Give the line containing "this 1250×1666 image." again, exactly, along with all later lines of the entries, through the last one.
----- SUPPLIED ENTRIES
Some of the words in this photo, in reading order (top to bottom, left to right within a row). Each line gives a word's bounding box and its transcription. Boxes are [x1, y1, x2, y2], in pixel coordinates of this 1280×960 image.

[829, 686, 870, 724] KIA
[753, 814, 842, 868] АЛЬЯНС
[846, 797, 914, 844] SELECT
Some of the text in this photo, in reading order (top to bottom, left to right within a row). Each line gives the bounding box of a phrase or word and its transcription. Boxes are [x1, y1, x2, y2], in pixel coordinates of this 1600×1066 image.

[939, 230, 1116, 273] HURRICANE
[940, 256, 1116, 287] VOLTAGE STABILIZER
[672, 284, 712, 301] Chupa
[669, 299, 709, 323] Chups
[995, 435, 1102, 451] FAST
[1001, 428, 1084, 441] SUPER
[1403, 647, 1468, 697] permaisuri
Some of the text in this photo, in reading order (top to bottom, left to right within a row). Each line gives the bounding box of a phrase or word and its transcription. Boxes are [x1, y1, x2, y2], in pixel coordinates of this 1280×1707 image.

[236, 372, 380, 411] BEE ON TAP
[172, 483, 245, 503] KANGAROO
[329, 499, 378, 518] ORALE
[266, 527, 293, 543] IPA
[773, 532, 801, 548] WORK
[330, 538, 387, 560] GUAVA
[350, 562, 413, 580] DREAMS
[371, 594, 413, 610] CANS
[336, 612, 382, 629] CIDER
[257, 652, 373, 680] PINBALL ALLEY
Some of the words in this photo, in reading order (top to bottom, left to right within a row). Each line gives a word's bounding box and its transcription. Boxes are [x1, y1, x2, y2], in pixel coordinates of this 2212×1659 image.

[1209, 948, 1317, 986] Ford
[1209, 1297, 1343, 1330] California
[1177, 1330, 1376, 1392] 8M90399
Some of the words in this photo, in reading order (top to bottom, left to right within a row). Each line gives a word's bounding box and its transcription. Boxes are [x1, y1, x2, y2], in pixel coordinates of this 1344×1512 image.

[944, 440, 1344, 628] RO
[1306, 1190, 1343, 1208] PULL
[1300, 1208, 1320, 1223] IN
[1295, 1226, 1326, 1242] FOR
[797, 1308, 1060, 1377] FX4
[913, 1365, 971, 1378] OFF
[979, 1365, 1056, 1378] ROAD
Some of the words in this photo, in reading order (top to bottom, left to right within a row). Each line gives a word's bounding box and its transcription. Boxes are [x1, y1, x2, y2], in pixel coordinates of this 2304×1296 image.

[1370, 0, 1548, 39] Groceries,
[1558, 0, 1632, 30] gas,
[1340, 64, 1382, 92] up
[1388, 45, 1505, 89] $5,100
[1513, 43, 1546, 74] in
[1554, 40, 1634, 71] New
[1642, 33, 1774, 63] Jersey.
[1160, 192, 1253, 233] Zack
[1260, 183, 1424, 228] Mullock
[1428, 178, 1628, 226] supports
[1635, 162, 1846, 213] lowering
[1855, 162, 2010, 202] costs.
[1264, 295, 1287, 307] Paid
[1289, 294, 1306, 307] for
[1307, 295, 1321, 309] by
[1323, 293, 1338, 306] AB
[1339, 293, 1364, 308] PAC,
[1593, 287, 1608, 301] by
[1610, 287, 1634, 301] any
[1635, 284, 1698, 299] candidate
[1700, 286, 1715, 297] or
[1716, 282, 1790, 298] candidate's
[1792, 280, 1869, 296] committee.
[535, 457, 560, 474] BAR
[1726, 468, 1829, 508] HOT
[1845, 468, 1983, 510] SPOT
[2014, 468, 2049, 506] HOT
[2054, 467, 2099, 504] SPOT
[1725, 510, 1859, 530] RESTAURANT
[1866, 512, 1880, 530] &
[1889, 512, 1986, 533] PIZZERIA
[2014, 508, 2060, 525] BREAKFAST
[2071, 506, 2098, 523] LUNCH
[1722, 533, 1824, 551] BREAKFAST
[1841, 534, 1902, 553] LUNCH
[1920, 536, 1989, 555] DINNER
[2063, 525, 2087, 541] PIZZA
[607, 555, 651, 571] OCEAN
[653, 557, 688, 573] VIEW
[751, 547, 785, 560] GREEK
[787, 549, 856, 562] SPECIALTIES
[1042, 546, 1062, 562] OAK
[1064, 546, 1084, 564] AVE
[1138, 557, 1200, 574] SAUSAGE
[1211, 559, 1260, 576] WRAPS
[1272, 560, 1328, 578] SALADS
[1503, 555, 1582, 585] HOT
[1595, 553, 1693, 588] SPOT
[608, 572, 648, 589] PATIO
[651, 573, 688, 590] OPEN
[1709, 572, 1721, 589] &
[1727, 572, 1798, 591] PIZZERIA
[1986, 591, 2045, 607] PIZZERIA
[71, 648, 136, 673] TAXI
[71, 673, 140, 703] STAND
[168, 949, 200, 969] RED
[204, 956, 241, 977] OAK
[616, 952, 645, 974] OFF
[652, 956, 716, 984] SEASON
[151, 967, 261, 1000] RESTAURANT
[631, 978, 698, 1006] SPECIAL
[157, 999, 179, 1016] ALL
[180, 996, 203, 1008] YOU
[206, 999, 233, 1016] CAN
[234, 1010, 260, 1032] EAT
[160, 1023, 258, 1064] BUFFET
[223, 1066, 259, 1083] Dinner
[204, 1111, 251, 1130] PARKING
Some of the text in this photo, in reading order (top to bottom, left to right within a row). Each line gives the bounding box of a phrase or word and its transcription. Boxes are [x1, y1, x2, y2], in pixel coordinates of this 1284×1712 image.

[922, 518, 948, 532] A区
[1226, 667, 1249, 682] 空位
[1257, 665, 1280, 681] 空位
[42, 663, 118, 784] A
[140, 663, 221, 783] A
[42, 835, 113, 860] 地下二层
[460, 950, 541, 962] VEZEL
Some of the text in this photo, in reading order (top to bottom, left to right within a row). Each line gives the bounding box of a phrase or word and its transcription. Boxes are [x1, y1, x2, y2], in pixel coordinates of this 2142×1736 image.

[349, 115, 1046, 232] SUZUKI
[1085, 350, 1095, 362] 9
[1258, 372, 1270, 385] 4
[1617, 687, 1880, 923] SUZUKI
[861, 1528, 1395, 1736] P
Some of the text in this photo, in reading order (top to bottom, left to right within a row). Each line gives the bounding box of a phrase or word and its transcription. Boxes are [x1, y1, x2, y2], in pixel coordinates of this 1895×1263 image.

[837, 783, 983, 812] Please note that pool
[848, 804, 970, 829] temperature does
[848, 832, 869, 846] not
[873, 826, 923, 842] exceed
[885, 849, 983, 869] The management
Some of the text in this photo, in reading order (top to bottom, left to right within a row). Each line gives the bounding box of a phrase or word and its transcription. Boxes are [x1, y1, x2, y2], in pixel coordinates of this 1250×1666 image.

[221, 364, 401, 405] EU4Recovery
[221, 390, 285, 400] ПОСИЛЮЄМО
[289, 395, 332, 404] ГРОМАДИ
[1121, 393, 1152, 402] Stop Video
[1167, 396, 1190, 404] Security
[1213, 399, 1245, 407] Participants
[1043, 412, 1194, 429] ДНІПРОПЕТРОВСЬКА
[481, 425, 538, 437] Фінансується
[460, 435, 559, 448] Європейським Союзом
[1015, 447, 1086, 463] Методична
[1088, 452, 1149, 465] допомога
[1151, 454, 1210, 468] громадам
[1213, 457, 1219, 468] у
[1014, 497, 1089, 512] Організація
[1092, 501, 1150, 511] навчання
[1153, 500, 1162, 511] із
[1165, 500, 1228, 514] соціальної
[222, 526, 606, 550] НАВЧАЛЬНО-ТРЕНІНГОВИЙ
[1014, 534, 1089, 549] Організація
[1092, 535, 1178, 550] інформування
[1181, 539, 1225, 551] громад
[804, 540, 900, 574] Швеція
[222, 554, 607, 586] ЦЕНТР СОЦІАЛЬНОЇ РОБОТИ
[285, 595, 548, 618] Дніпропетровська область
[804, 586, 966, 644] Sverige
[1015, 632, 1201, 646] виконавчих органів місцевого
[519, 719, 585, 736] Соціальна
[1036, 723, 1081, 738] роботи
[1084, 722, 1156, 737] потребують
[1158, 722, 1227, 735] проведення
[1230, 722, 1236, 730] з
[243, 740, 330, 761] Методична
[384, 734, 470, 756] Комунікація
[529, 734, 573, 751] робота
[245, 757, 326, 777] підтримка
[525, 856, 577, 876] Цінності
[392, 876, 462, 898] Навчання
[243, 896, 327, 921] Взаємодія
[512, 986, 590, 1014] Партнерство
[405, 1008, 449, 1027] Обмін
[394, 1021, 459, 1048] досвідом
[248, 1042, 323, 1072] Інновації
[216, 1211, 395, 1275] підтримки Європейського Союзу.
----------
● **EXPECTED OUTPUT**:
Some of the text in this photo, in reading order (top to bottom, left to right within a row). Each line gives the bounding box of a phrase or word and its transcription. Boxes are [x1, y1, x2, y2], in pixel coordinates of this 1250×1666 image.

[221, 364, 401, 405] EU4Recovery
[221, 390, 285, 400] ПОСИЛЮЄМО
[289, 395, 332, 404] ГРОМАДИ
[1121, 393, 1152, 402] Stop Video
[1167, 396, 1190, 404] Security
[1213, 399, 1245, 407] Participants
[1043, 412, 1194, 429] ДНІПРОПЕТРОВСЬКА
[481, 425, 538, 437] Фінансується
[460, 435, 559, 448] Європейським Союзом
[1015, 447, 1086, 463] Методична
[1088, 452, 1149, 465] допомога
[1151, 454, 1210, 468] громадам
[1213, 457, 1219, 468] у
[1014, 497, 1089, 512] Організація
[1092, 501, 1150, 511] навчання
[1153, 500, 1162, 511] із
[1165, 500, 1228, 514] соціальної
[222, 526, 606, 550] НАВЧАЛЬНО-ТРЕНІНГОВИЙ
[1014, 534, 1089, 549] Організація
[1092, 535, 1178, 550] інформування
[1181, 539, 1225, 551] громад
[804, 540, 900, 574] Швеція
[222, 554, 607, 586] ЦЕНТР СОЦІАЛЬНОЇ РОБОТИ
[285, 595, 548, 618] Дніпропетровська область
[804, 586, 966, 644] Sverige
[1015, 632, 1201, 646] виконавчих органів місцевого
[519, 719, 585, 736] Соціальна
[1036, 723, 1081, 738] роботи
[1084, 722, 1156, 737] потребують
[1158, 722, 1227, 735] проведення
[1230, 722, 1236, 730] з
[243, 740, 330, 761] Методична
[384, 734, 470, 756] Комунікація
[529, 734, 573, 751] робота
[245, 757, 326, 777] підтримка
[525, 856, 577, 876] Цінності
[392, 876, 462, 898] Навчання
[243, 896, 327, 921] Взаємодія
[512, 986, 590, 1014] Партнерство
[405, 1008, 449, 1027] Обмін
[394, 1021, 459, 1048] досвідом
[248, 1042, 323, 1072] Інновації
[216, 1211, 395, 1275] підтримки Європейського Союзу.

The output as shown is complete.